Where are the wide-ranging environment policies in the State election?

The State Election this Saturday allows us all to take a step back and assess the environmental performance of the Coalition, and the policies of the Labor and Greens parties as an option for the future of Victoria.

State Election Forum held in Seymour on November the 18th with candidates from Labor, Liberal, Nationals and Greens represented.

The packed house State Election Forum held in Seymour on November the 18th with candidates from Labor, Liberal, Nationals and Greens represented.

As an overview, one cannot escape a view that the Coalition Government under Baillieu-then-Napthine has been one that promised stability and policy retention in addressing climate change at the 2010 election, but has delivered the opposite. Indeed, this has become a State Government characterised as a COAL-ition government, hostile to renewable energy and providing a ‘back to the future’ scenario for energy production in this state. It has cost this state’s investment dearly. We have been betrayed in our trust.

The opening salvo from 2010 was ideological – the severe planning restrictions on wind farms. VC82 has effectively halted the growth of Victoria’s wind farm industry at a cost of $864 in investment, 438MW of clean energy production and the lost opportunity for 400 construction jobs. Just one wind farm has gained planning approval in 4 years, and none built. The Napthine Government has become captive to the coal industry and big energy utilities.

The Napthine Coalition Government has overseen the slashing of feed-in tariffs for rooftop solar from 60c/kWh to a mere 0.6cents/kWh. Under this Government, investment in the solar industry, and again, dispersed power production, has been savaged. Coupled with limits on new feed-in tariffs applying only to 5kW installations or larger (bigger than most households can afford to install), we have seen a “wind back the clock” on a renewable industry and ethical investment.

This is a huge policy shift from what was taken to the 2010 election, a total backflip. It has allowed the coal-fired generators to languish on old profiteering means, rather than see investment in more responsive gas-fired generation: the type required to complement the mix of big solar and wind power generation

Both the US and Chinese Presidents, in the recent G20 summit, have said we must embrace and grow renewables at the expense of coal in order to limit the extent of climate change. Not in Victoria, one of the worst performing States in the Australian economy. Ideological rejection of the renewable industry has cost Victoria $8.64 million of investment in clean energy.

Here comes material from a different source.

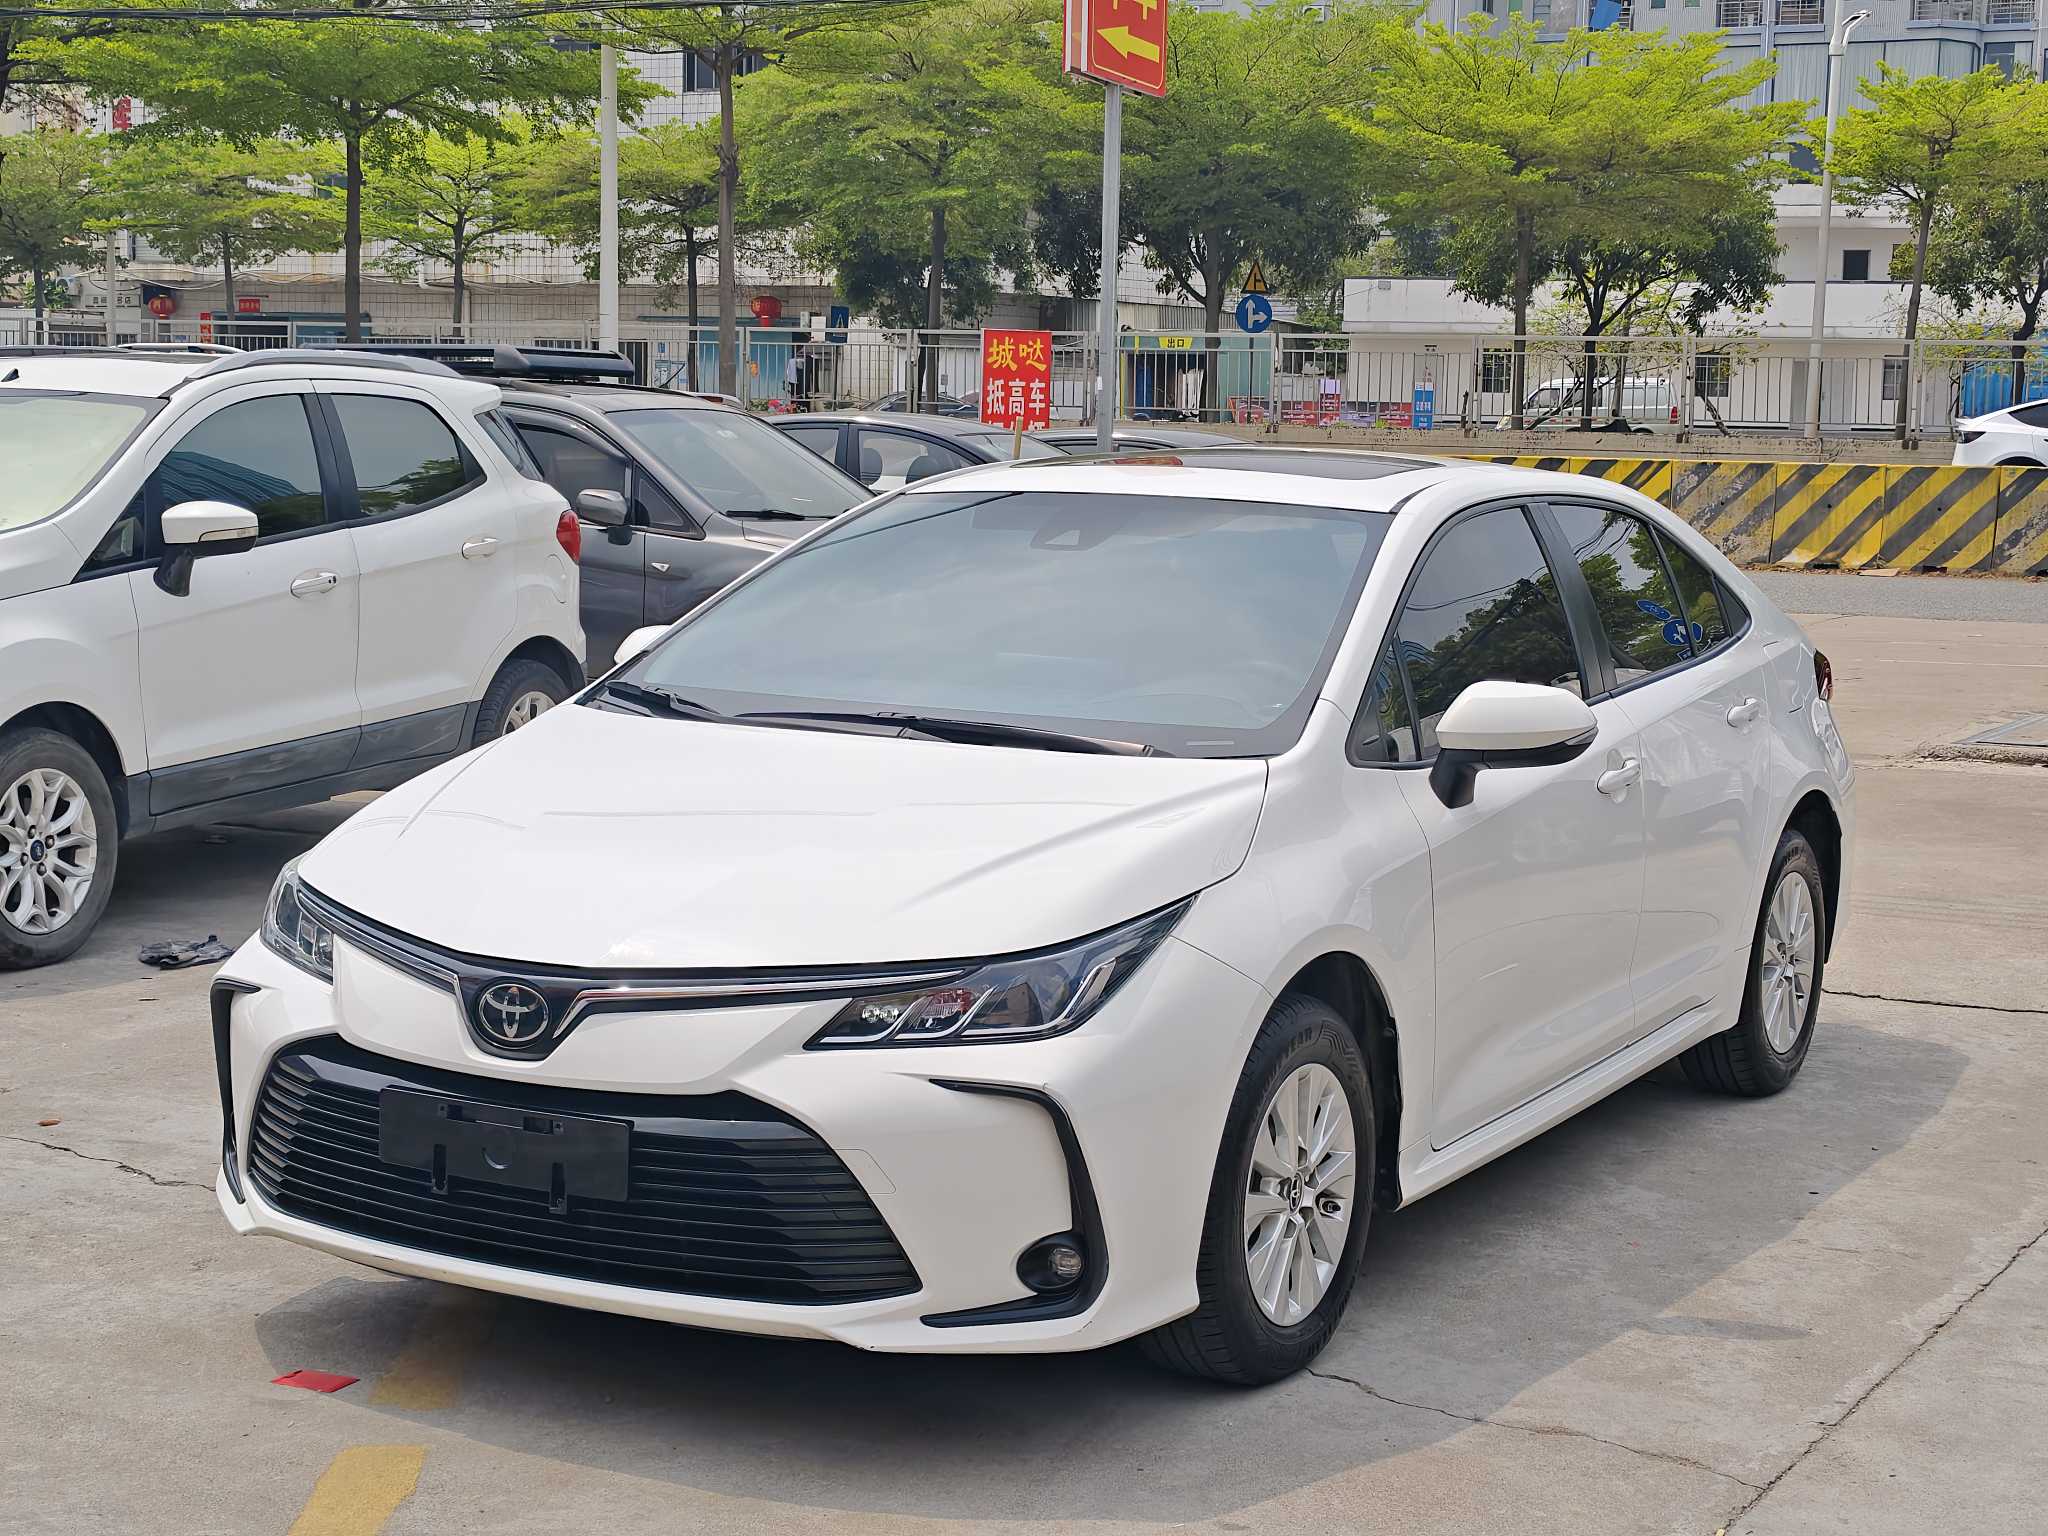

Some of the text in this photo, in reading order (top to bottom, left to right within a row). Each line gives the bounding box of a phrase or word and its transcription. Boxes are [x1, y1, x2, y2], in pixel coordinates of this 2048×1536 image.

[987, 336, 1048, 372] 城哒
[1167, 338, 1185, 348] 出口
[987, 377, 1046, 416] 抵高车

At the last election the Coalition was committed to the target of a 20% reduction in emissions in the Climate Change White Paper. 4 years on, the white paper has been scrapped, and there is no commitment.

The failure to address improving the energy efficiency of Victoria’s older housing stock, the ones that most or our lower income people live in is another backflip. Simple retrofitting measures can save up to $600 on power bills each year (Clean Energy Council of Victoria), and this was promised at the last election. Good policy in 2010, but no action.

The detail of the issues and performance of the Government (and opposition policies) can be explored in depth at www.environmentvictiria.org.au

Mark Wakeham, CEO of Environment Victoria summarizes the importance of our vote in a big environment picture when he says

“Make no mistake: decisions and policies at a state level can have a big impact. Phasing out brown coal plants can address climate change, mandating energy efficiency can build sustainable communities, and fencing off our fragile rivers can safeguard our precious natural places.” (read the full letter here)

BEAM Mitchell Environment Group has been concerned over the past three years about the erosion of State laws that protect our environment and steps to wind back State programs aimed at improving the local – and world – environment. Changes to the native vegetation clearing rules, a major campaign supporting wind farms, cut-backs in local funding for staff and resources among government agencies involved in conservation are all areas where BEAM is active.

BEAM is part of a large network of groups and concerned people across Victoria who see this election as an opportunity to put the environment firmly back on the agenda, where local actions are built on a global awareness.

From a sound policy base in 2010, Victoria has reversed its environmental course amid policy back-downs and the creation of confusion in direction for our communities. In contrast, a vital renewable economy that helps build resilient regional communities who have more control over their lives and investment has real appeal as an alternative in a responsible first world economy addressing climate change. It is an important vote.